** Opening PROVIDED DATA block **

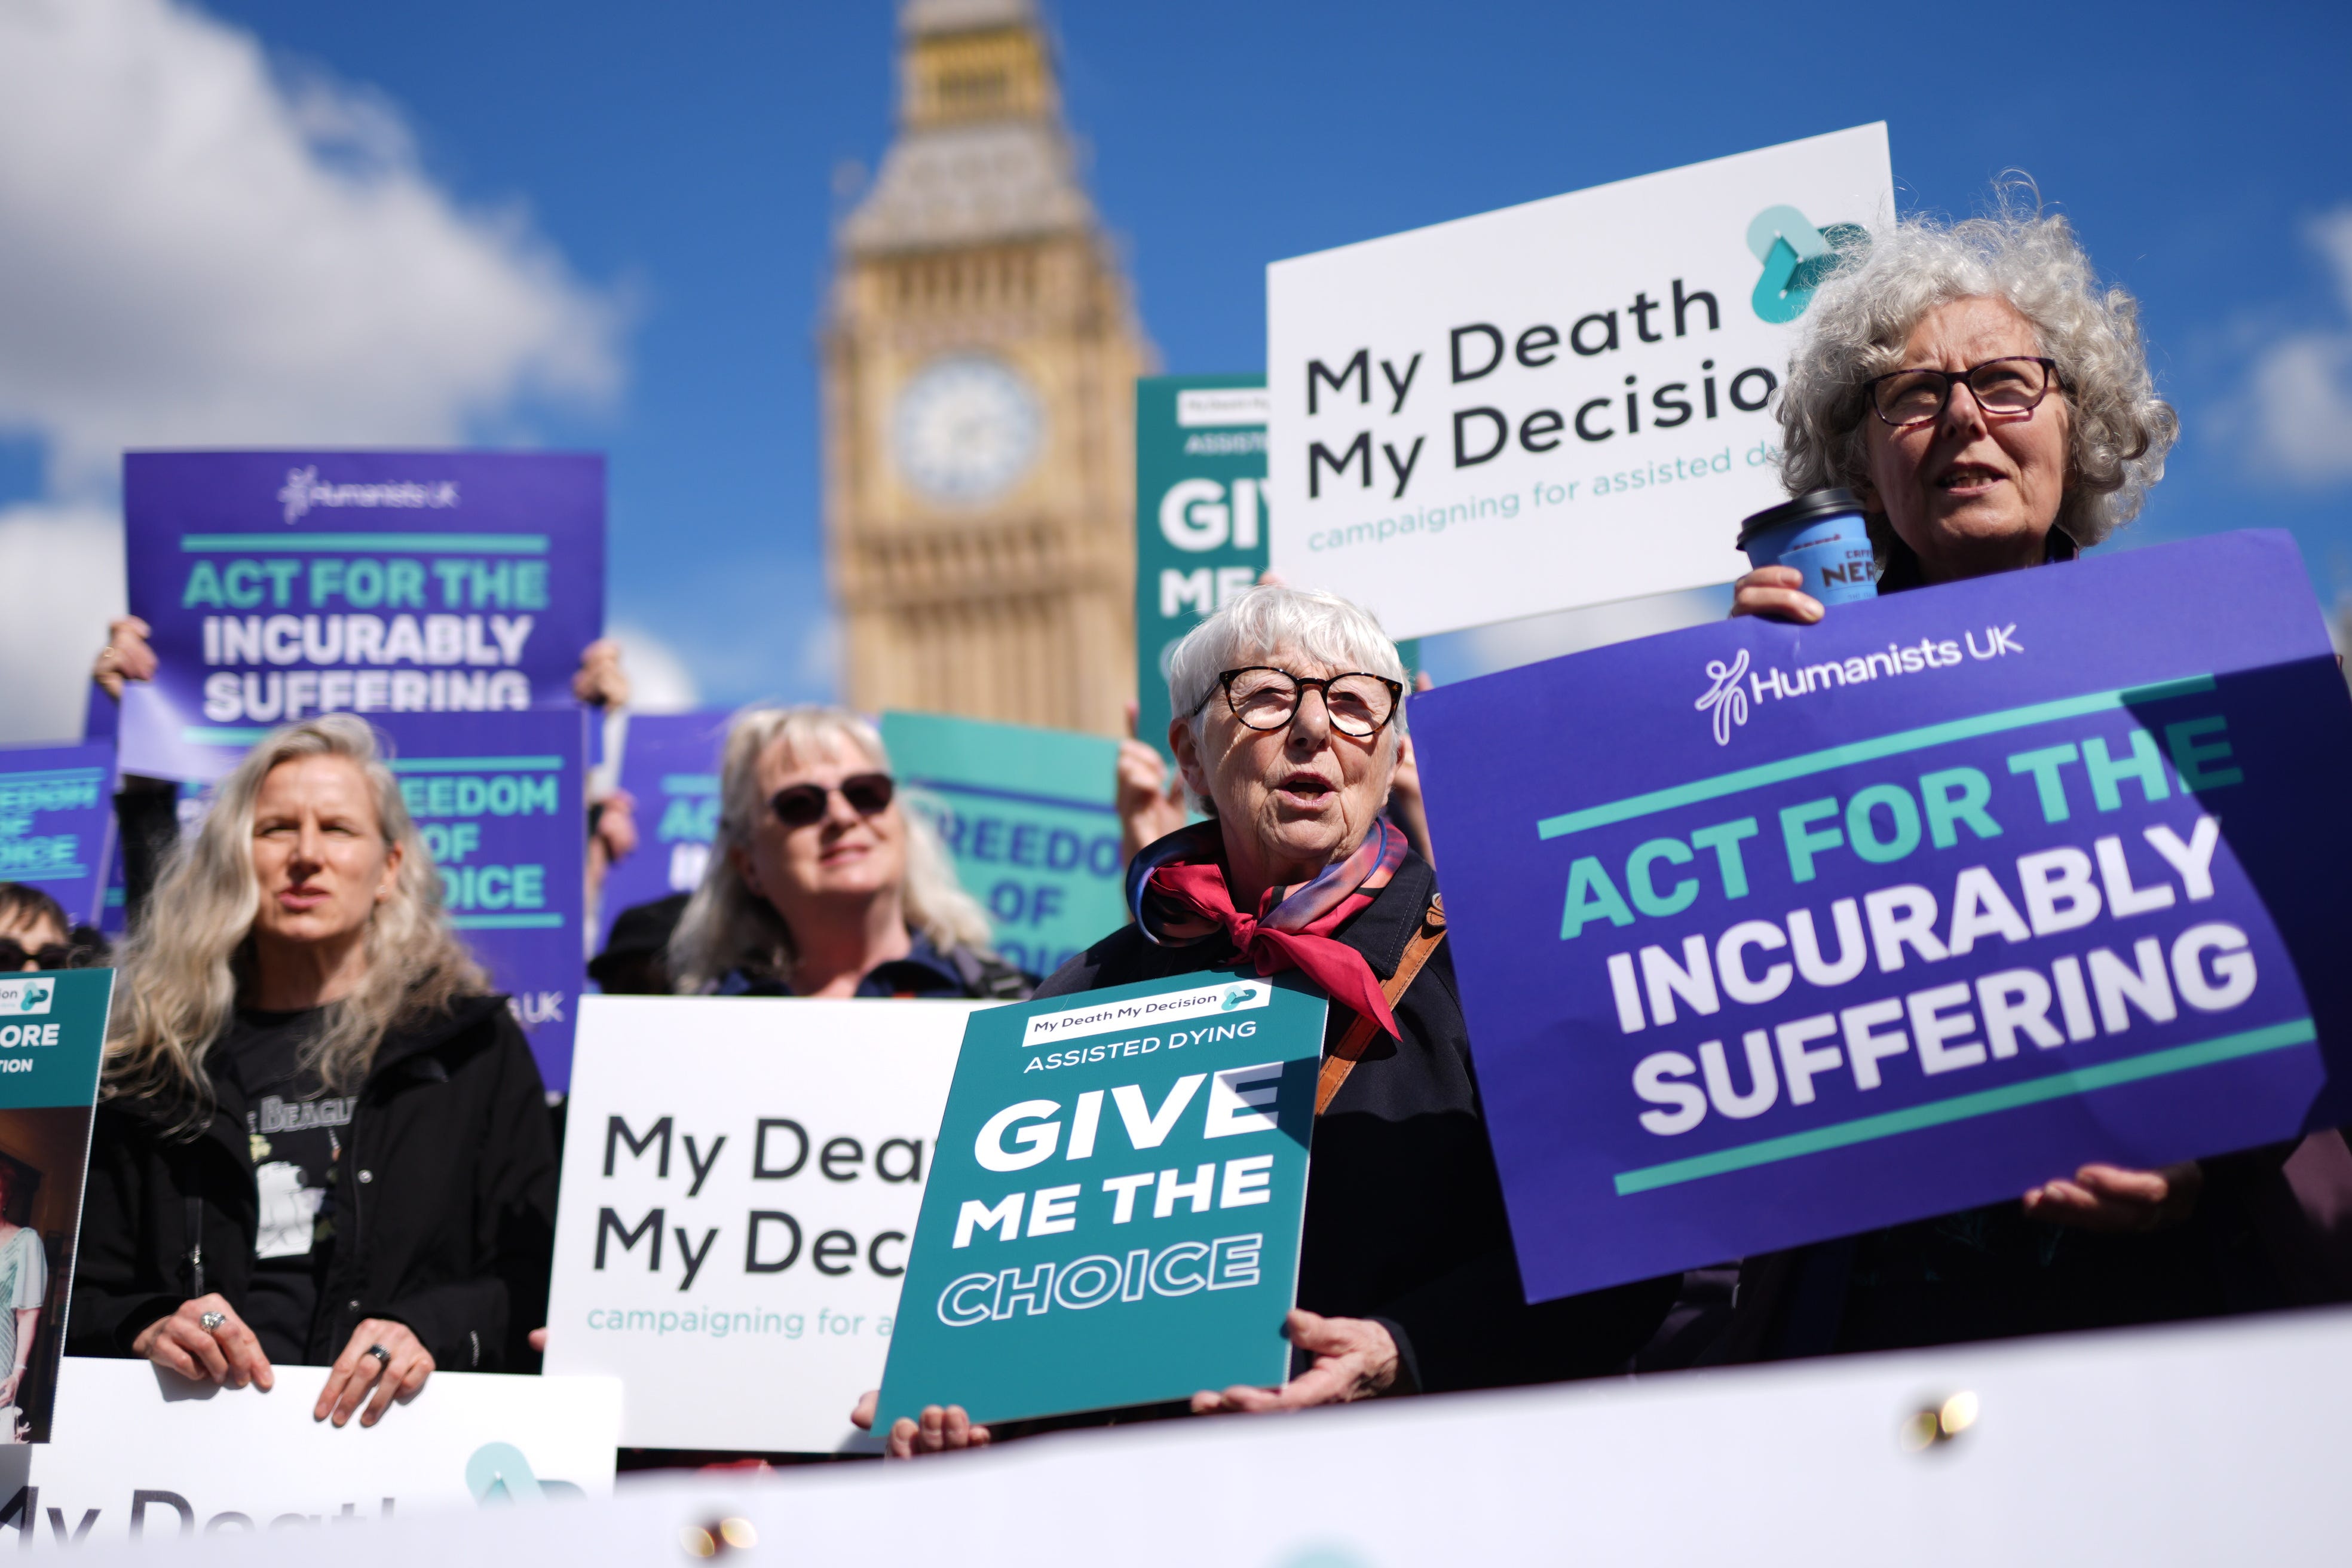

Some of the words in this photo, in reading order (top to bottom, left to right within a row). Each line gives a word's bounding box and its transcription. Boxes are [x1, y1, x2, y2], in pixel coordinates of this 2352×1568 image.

[1307, 348, 1423, 416] My
[1448, 278, 1720, 385] Death
[1307, 431, 1426, 500] My
[1453, 360, 1780, 469] Decisio
[1158, 478, 1269, 552] GI
[1307, 490, 1521, 552] campaigning
[1533, 480, 1576, 509] for
[1592, 446, 1732, 498] assisted
[182, 559, 301, 610] ACT
[310, 558, 427, 609] FOR
[433, 558, 550, 610] THE
[1821, 561, 1875, 587] NER
[203, 613, 534, 666] INCURABLY
[1750, 637, 1963, 705] Humanists
[1965, 622, 2025, 660] UK
[203, 670, 531, 722] SUFFERING
[399, 774, 561, 817] EEDOM
[657, 797, 721, 844] AC
[420, 822, 480, 864] OF
[937, 809, 1123, 878] REEDO
[1559, 816, 1759, 941] ACT
[1779, 766, 2003, 883] FOR
[2007, 715, 2244, 825] THE
[439, 863, 545, 910] OICE
[989, 878, 1064, 929] OF
[1606, 814, 2221, 1034] INCURABLY
[0, 1023, 60, 1048] ORE
[523, 991, 565, 1024] UK
[1034, 1021, 1058, 1034] My
[1061, 1011, 1113, 1028] Death
[1117, 1006, 1141, 1019] My
[1145, 994, 1217, 1013] Decision
[1631, 922, 2259, 1137] SUFFERING
[1023, 1037, 1160, 1074] ASSISTED
[1168, 1021, 1257, 1049] DYING
[974, 1061, 1284, 1172] GIVE
[602, 1114, 729, 1198] My
[752, 1116, 925, 1184] Dea
[952, 1183, 1082, 1249] ME
[1102, 1154, 1274, 1224] THE
[593, 1206, 720, 1292] My
[745, 1209, 907, 1278] Dec
[936, 1232, 1263, 1327] CHOICE
[587, 1304, 806, 1340] campaigning
[817, 1307, 866, 1336] for

** Closing PROVIDED DATA block **

• DIRECTIONS FOR THIS TASK
Pictures are not part of the copy. Return every record exactly.

• TASK SOLUTION
Some of the words in this photo, in reading order (top to bottom, left to right within a row). Each line gives a word's bounding box and its transcription. Boxes are [x1, y1, x2, y2], in pixel coordinates of this 2352×1568 image.

[1307, 348, 1423, 416] My
[1448, 278, 1720, 385] Death
[1307, 431, 1426, 500] My
[1453, 360, 1780, 469] Decisio
[1158, 478, 1269, 552] GI
[1307, 490, 1521, 552] campaigning
[1533, 480, 1576, 509] for
[1592, 446, 1732, 498] assisted
[182, 559, 301, 610] ACT
[310, 558, 427, 609] FOR
[433, 558, 550, 610] THE
[1821, 561, 1875, 587] NER
[203, 613, 534, 666] INCURABLY
[1750, 637, 1963, 705] Humanists
[1965, 622, 2025, 660] UK
[203, 670, 531, 722] SUFFERING
[399, 774, 561, 817] EEDOM
[657, 797, 721, 844] AC
[420, 822, 480, 864] OF
[937, 809, 1123, 878] REEDO
[1559, 816, 1759, 941] ACT
[1779, 766, 2003, 883] FOR
[2007, 715, 2244, 825] THE
[439, 863, 545, 910] OICE
[989, 878, 1064, 929] OF
[1606, 814, 2221, 1034] INCURABLY
[0, 1023, 60, 1048] ORE
[523, 991, 565, 1024] UK
[1034, 1021, 1058, 1034] My
[1061, 1011, 1113, 1028] Death
[1117, 1006, 1141, 1019] My
[1145, 994, 1217, 1013] Decision
[1631, 922, 2259, 1137] SUFFERING
[1023, 1037, 1160, 1074] ASSISTED
[1168, 1021, 1257, 1049] DYING
[974, 1061, 1284, 1172] GIVE
[602, 1114, 729, 1198] My
[752, 1116, 925, 1184] Dea
[952, 1183, 1082, 1249] ME
[1102, 1154, 1274, 1224] THE
[593, 1206, 720, 1292] My
[745, 1209, 907, 1278] Dec
[936, 1232, 1263, 1327] CHOICE
[587, 1304, 806, 1340] campaigning
[817, 1307, 866, 1336] for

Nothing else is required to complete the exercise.